Exercise instructions.
Word for word, write the records out again, but omit each picture.

[Stored items]
'''

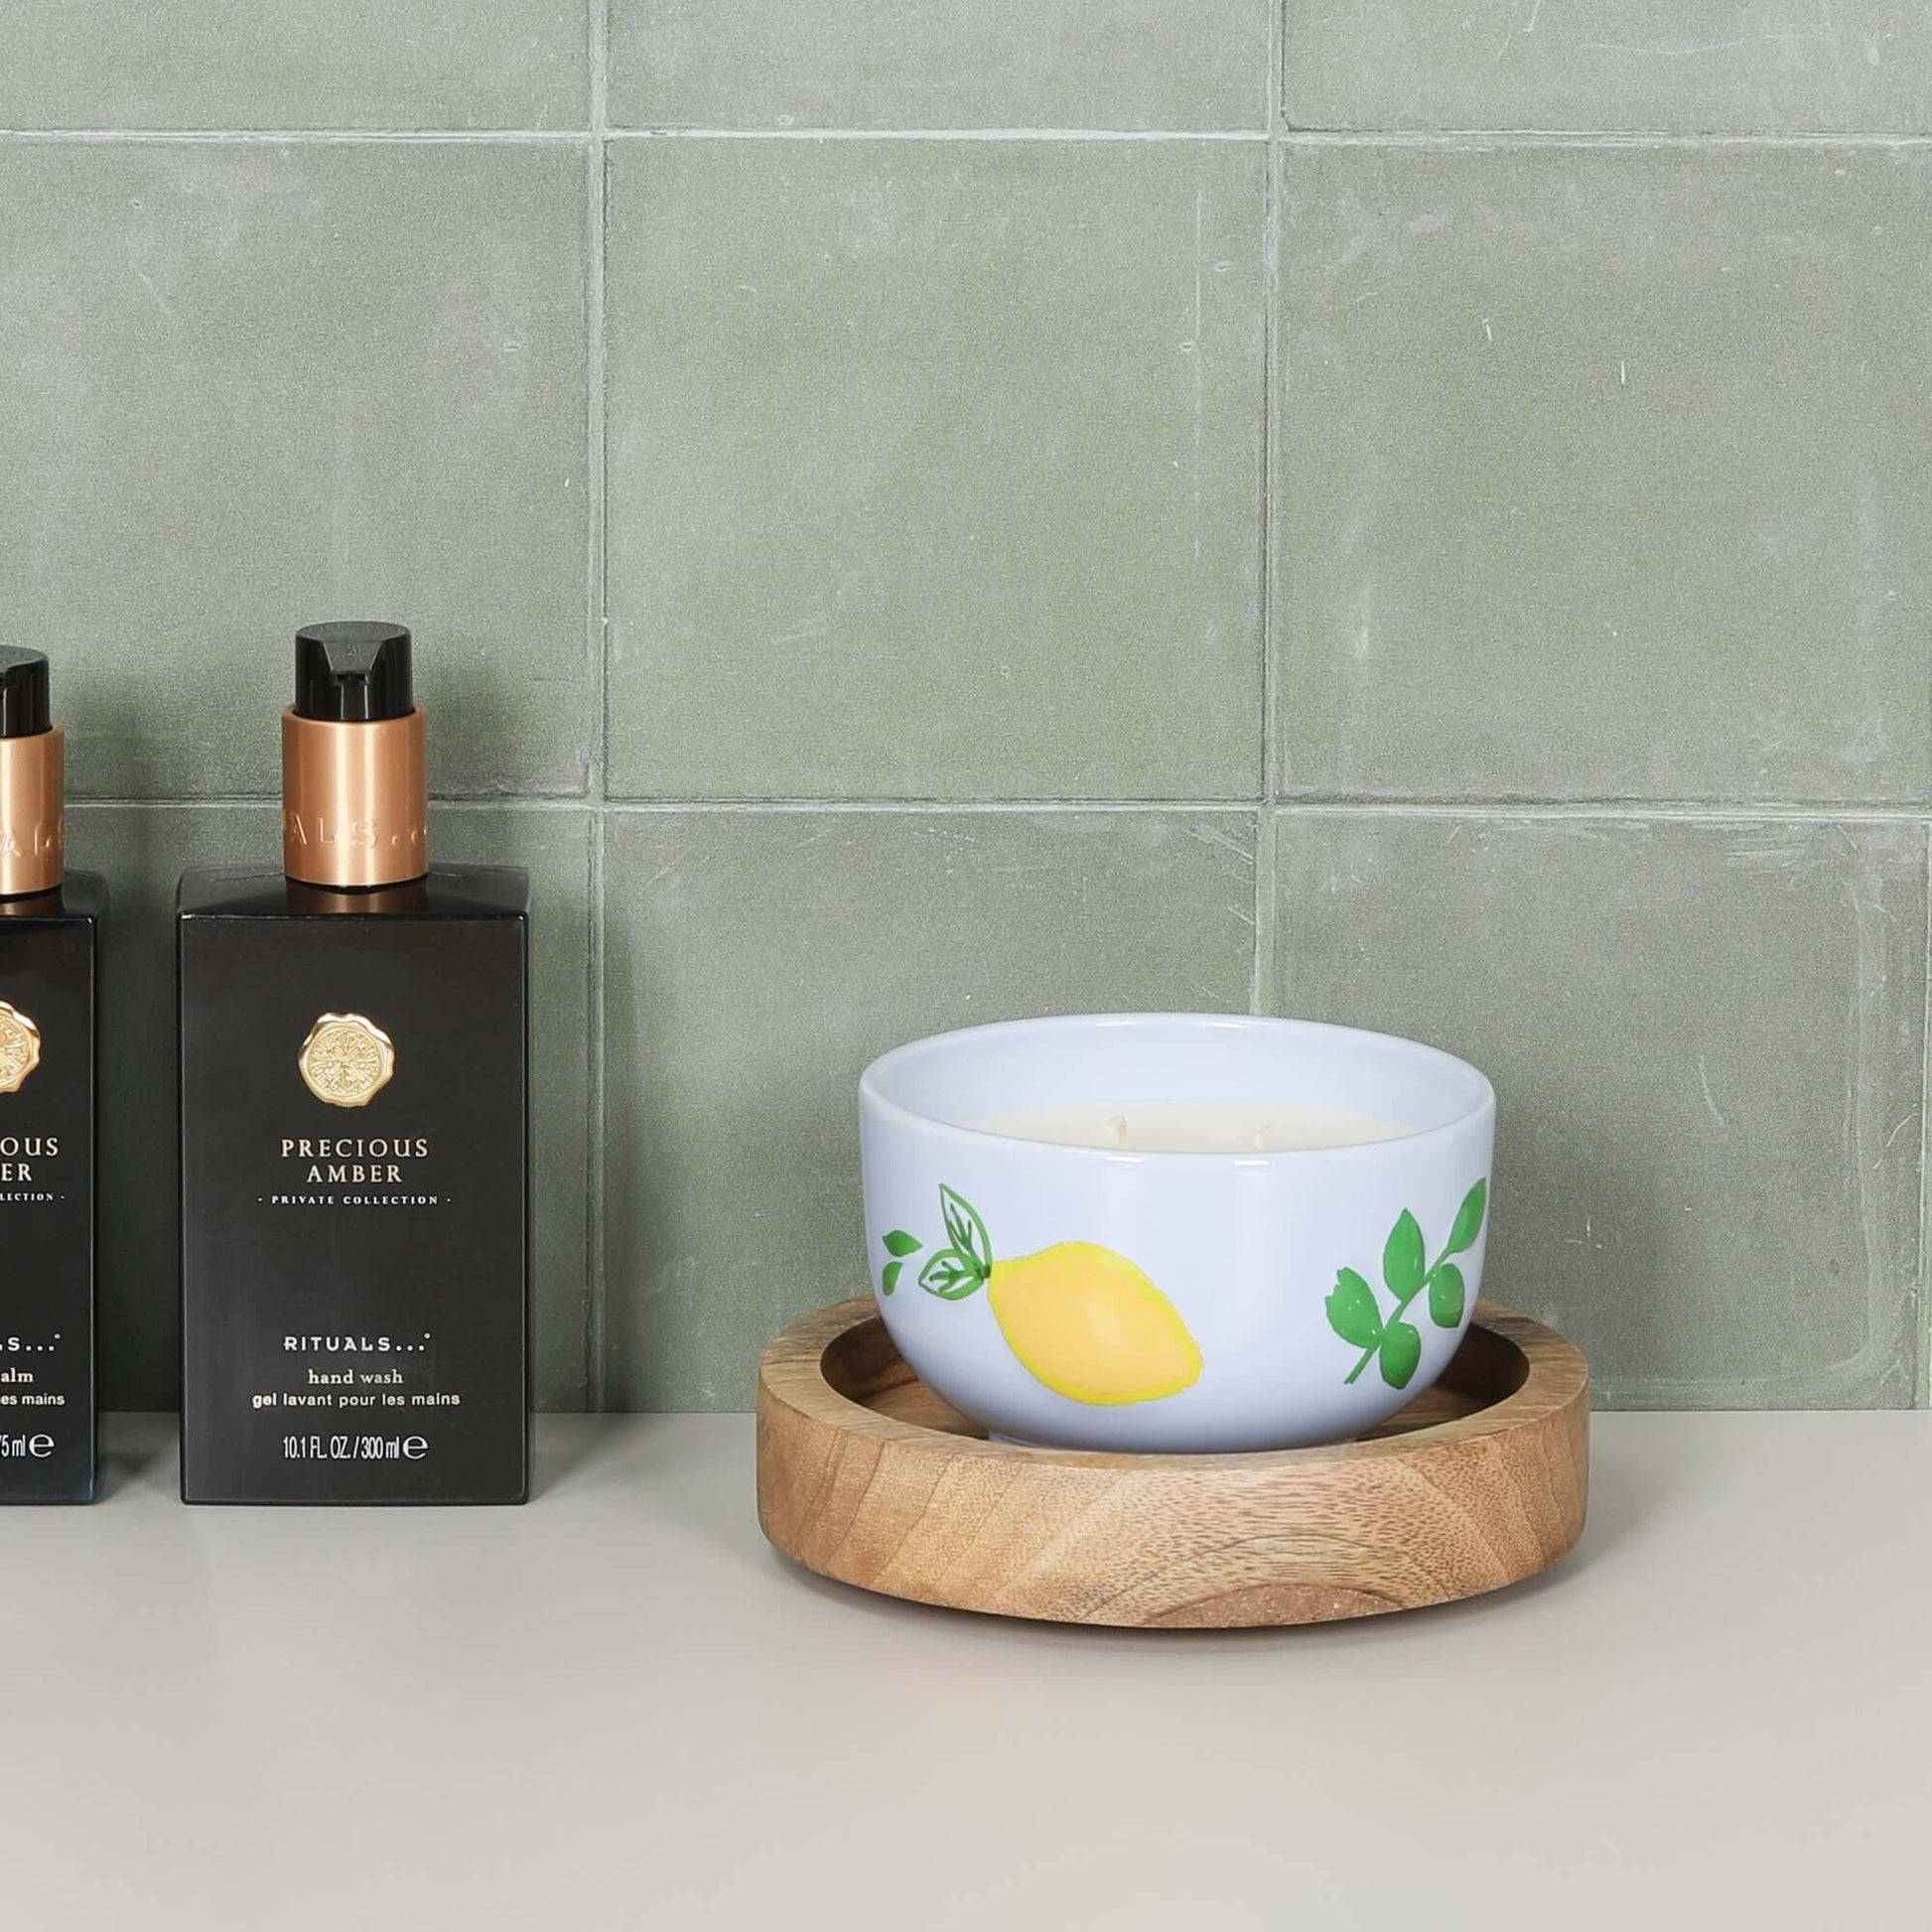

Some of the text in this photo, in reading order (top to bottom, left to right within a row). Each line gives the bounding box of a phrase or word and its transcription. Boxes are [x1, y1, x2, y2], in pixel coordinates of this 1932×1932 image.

[0, 1137, 60, 1158] OUS
[281, 1138, 428, 1158] PRECIOUS
[1, 1163, 33, 1181] ER
[306, 1164, 403, 1183] AMBER
[271, 1194, 438, 1205] PRIVATE COLLECTION
[0, 1367, 34, 1383] alm
[307, 1368, 404, 1385] hand wash
[21, 1392, 66, 1406] mains
[251, 1392, 462, 1410] gel lavant pour les mains
[282, 1436, 307, 1459] 10.1

'''

Task answer.
Some of the text in this photo, in reading order (top to bottom, left to right within a row). Each line gives the bounding box of a phrase or word and its transcription. Boxes are [x1, y1, x2, y2], in pixel coordinates of this 1932×1932 image.

[0, 1137, 60, 1158] OUS
[281, 1138, 428, 1158] PRECIOUS
[1, 1163, 33, 1181] ER
[306, 1164, 403, 1183] AMBER
[271, 1194, 438, 1205] PRIVATE COLLECTION
[0, 1367, 34, 1383] alm
[307, 1368, 404, 1385] hand wash
[21, 1392, 66, 1406] mains
[251, 1392, 462, 1410] gel lavant pour les mains
[282, 1436, 307, 1459] 10.1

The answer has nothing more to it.